Are there any other terms. I’m just curious
Sexual attraction: an urge to have sex with a specific person. https://www.asexuality-handbook.com/glossary.html
I’d like to clarify something here. I’m pretty sure the intent here is “an urge to have sex with a specific person that isn’t just as a means to an end.” If I’m a gold digger who finds my target repulsive and I don’t think sex with them would be enjoyable, but I know having sex with them will make them more likely to love me and give me money? I do have an urge, a desire to have sex with them—but not an impulse felt instinctually from desire for this person and for sex with this person. It’s a desire that comes from the fact that sex is means to an end to my real desire of money. So although I do have an urge to have sex with my specific target, it’s not the kind of urge the definition means, and so I wouldn’t be considered sexually attracted to my target. Now with that set aside…

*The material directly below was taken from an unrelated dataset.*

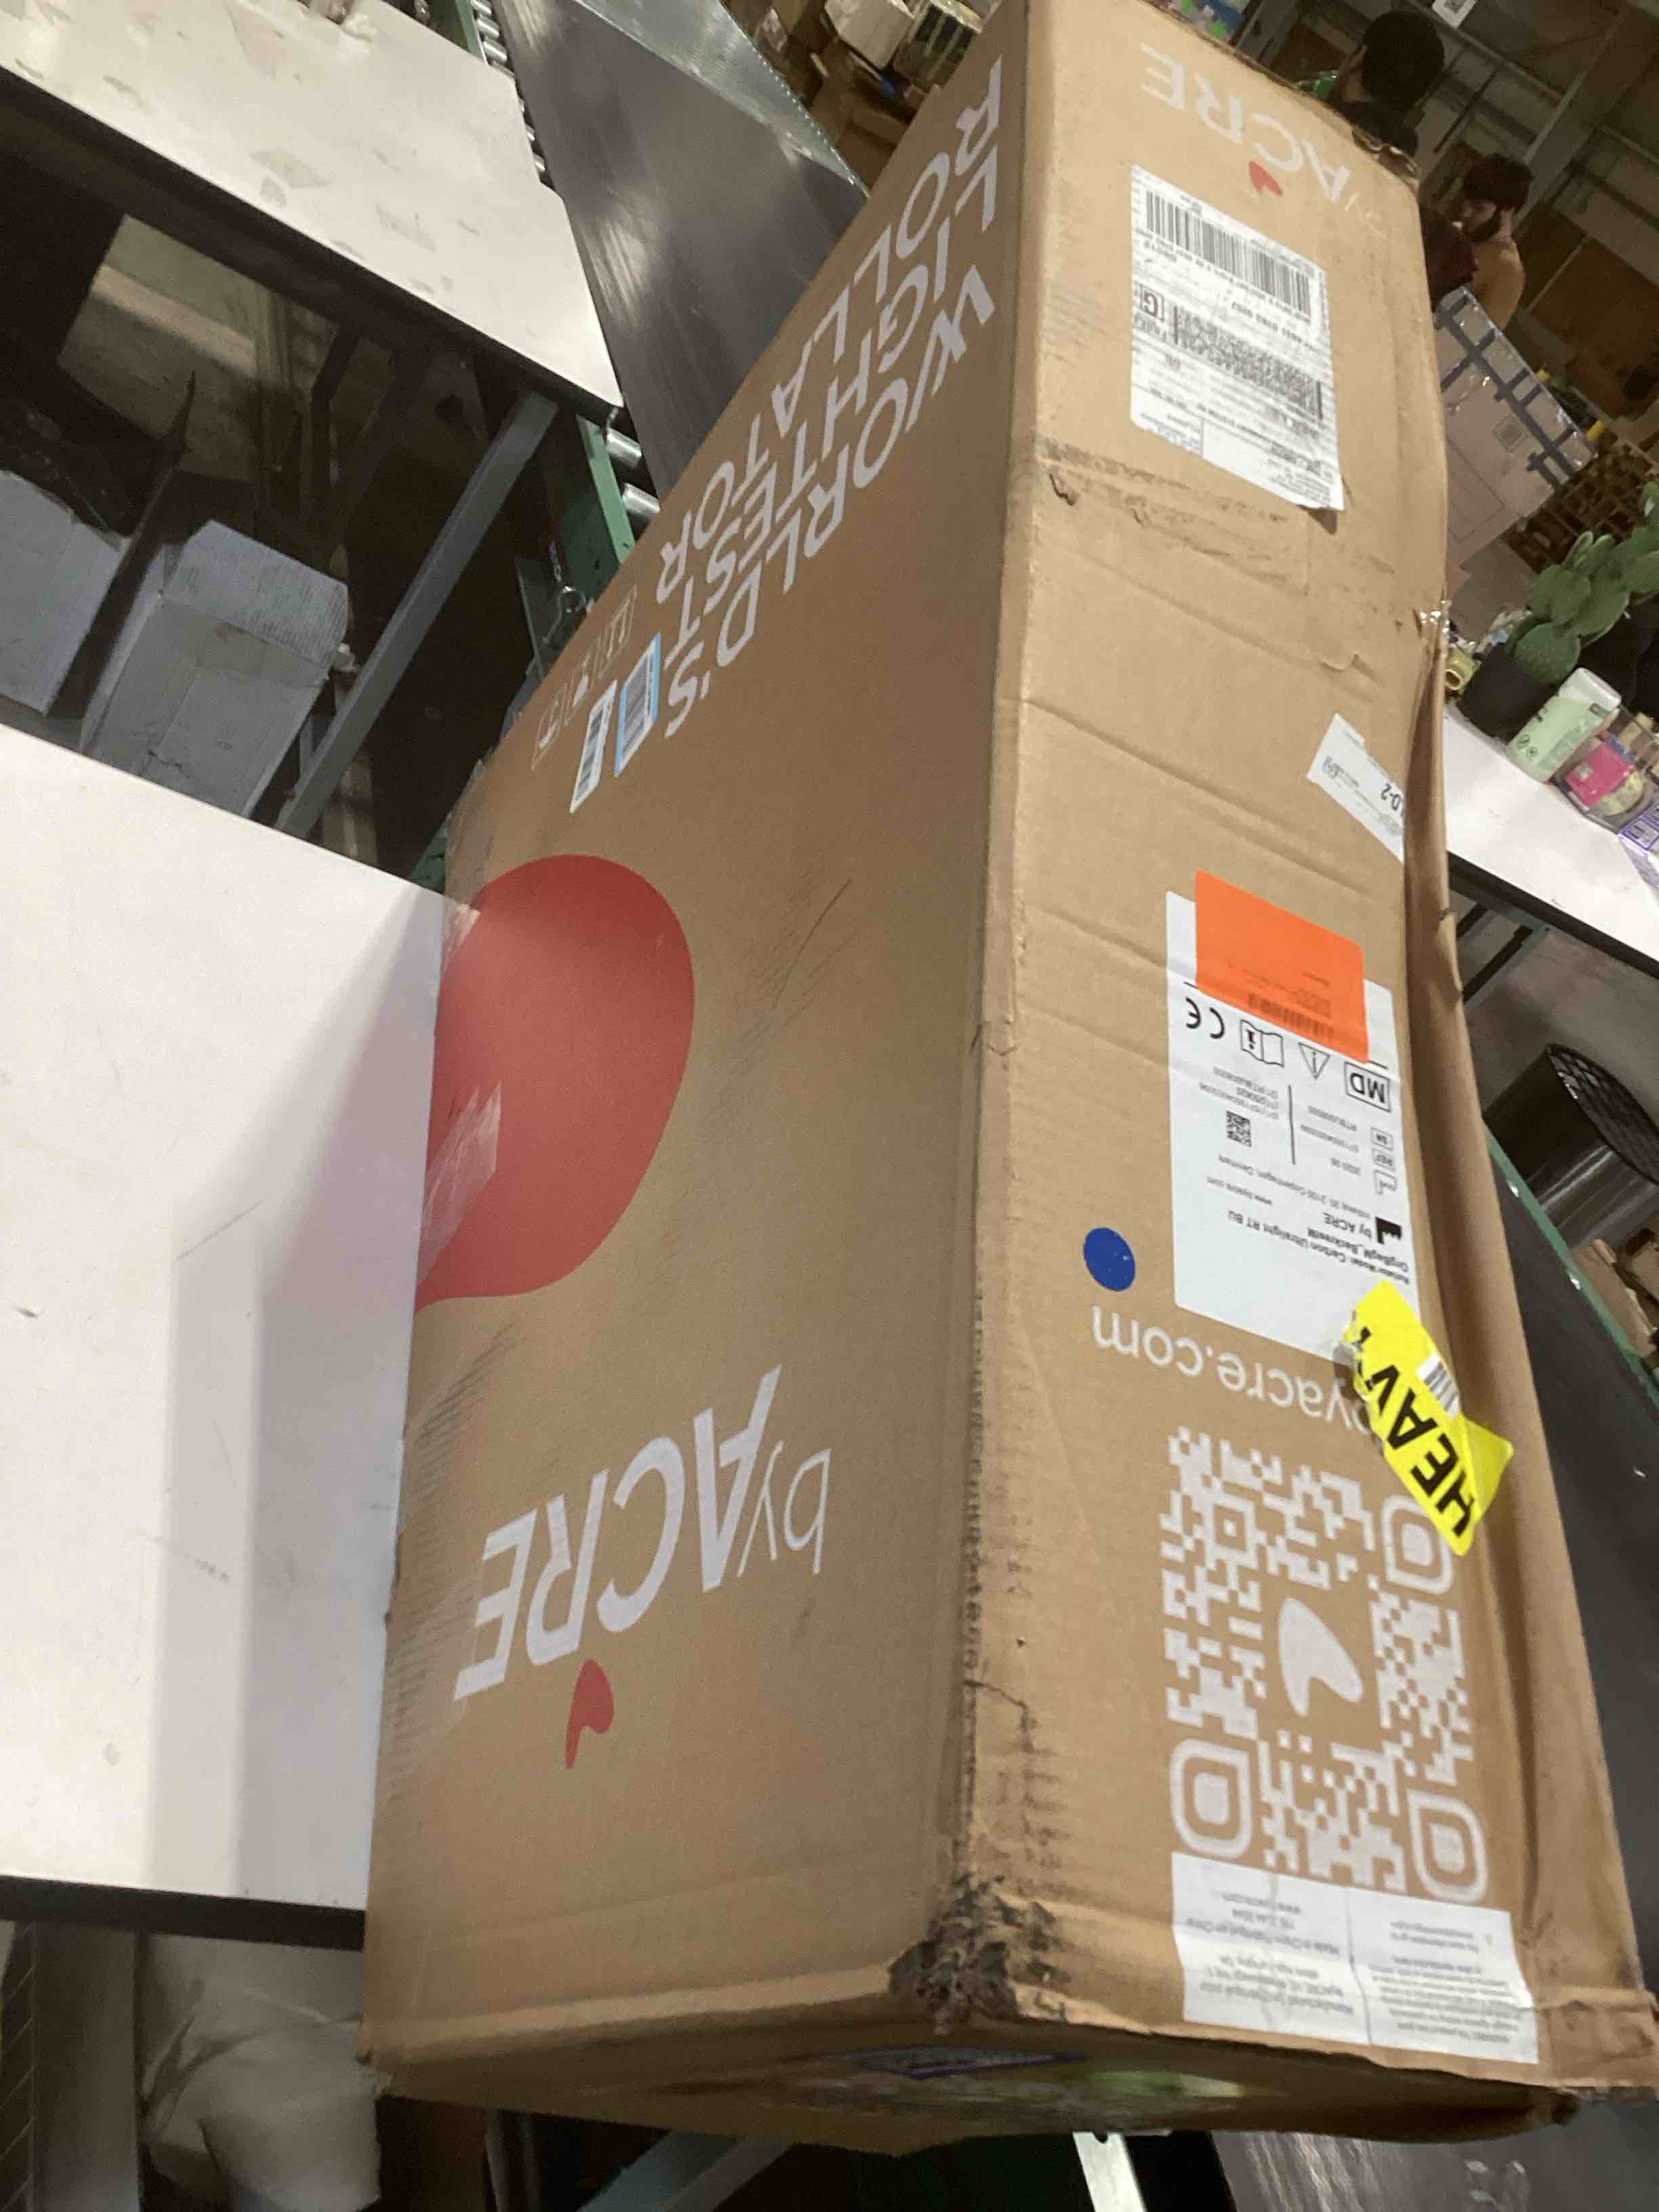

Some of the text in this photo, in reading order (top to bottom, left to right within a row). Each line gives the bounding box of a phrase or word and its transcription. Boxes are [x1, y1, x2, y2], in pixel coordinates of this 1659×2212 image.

I imagine that arousal at the sight of someone need not always pair with a desire to have sex. Penis-havers sometimes experience random erections apropos of nothing, so we already have arousal being separate from attraction. Enough physical stimulation can make your parts respond with arousal even if you personally feel pretty neutral or even negative about having sex.
I’m thinking this situation could happen: you can be a person who doesn’t really get the urge for sex yourself, but you do have a partner you care about who likes it. So you have sex with this person regularly. Your parts respond from the physical stimulation involved in sex. Eventually, your brain pairs this person with sex and arousal, and pre-arouses your parts around them. I don’t mean to be reductive at all when I say this: I am thinking of classical conditioning, that same process by which you get a dog to salivate at the ding of a bell. Ding it right before you give them food, and eventually they associate the food with the bell sound and salivate at the bell sound too. But you still don’t have the urge for sex except maybe to please your partner. You might want to satisfy the arousal, yes, but it’s not quite the same thing.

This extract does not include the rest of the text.